## Instructions for the task
Find the line that contains "Some of the text" in the entries below. Output it and each later line exactly, and nothing else.

----------

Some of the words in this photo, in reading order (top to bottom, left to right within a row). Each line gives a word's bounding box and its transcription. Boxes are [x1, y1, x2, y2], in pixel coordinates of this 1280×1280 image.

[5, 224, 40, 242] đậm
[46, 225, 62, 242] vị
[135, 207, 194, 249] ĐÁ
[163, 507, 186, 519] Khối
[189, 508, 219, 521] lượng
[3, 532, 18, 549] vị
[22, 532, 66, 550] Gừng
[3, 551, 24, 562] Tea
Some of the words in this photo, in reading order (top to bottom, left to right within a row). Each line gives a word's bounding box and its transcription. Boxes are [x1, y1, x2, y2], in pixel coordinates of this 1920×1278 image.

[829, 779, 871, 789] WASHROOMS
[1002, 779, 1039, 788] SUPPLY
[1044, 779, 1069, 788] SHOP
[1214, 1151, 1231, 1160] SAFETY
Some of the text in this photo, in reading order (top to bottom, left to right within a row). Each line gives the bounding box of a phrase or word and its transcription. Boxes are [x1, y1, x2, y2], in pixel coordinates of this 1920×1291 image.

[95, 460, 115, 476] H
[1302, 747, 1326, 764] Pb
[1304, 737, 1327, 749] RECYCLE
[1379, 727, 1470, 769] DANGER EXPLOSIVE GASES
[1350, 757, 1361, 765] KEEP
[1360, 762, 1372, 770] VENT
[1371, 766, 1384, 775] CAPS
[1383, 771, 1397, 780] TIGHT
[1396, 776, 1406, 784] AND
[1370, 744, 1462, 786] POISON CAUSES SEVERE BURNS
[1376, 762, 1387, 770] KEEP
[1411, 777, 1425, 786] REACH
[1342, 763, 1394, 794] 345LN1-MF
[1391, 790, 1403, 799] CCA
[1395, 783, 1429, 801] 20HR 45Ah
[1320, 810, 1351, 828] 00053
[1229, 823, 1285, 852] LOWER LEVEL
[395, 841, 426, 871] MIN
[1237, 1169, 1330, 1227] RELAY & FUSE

----------

## Result for this task
Some of the text in this photo, in reading order (top to bottom, left to right within a row). Each line gives the bounding box of a phrase or word and its transcription. Boxes are [x1, y1, x2, y2], in pixel coordinates of this 1920×1291 image.

[95, 460, 115, 476] H
[1302, 747, 1326, 764] Pb
[1304, 737, 1327, 749] RECYCLE
[1379, 727, 1470, 769] DANGER EXPLOSIVE GASES
[1350, 757, 1361, 765] KEEP
[1360, 762, 1372, 770] VENT
[1371, 766, 1384, 775] CAPS
[1383, 771, 1397, 780] TIGHT
[1396, 776, 1406, 784] AND
[1370, 744, 1462, 786] POISON CAUSES SEVERE BURNS
[1376, 762, 1387, 770] KEEP
[1411, 777, 1425, 786] REACH
[1342, 763, 1394, 794] 345LN1-MF
[1391, 790, 1403, 799] CCA
[1395, 783, 1429, 801] 20HR 45Ah
[1320, 810, 1351, 828] 00053
[1229, 823, 1285, 852] LOWER LEVEL
[395, 841, 426, 871] MIN
[1237, 1169, 1330, 1227] RELAY & FUSE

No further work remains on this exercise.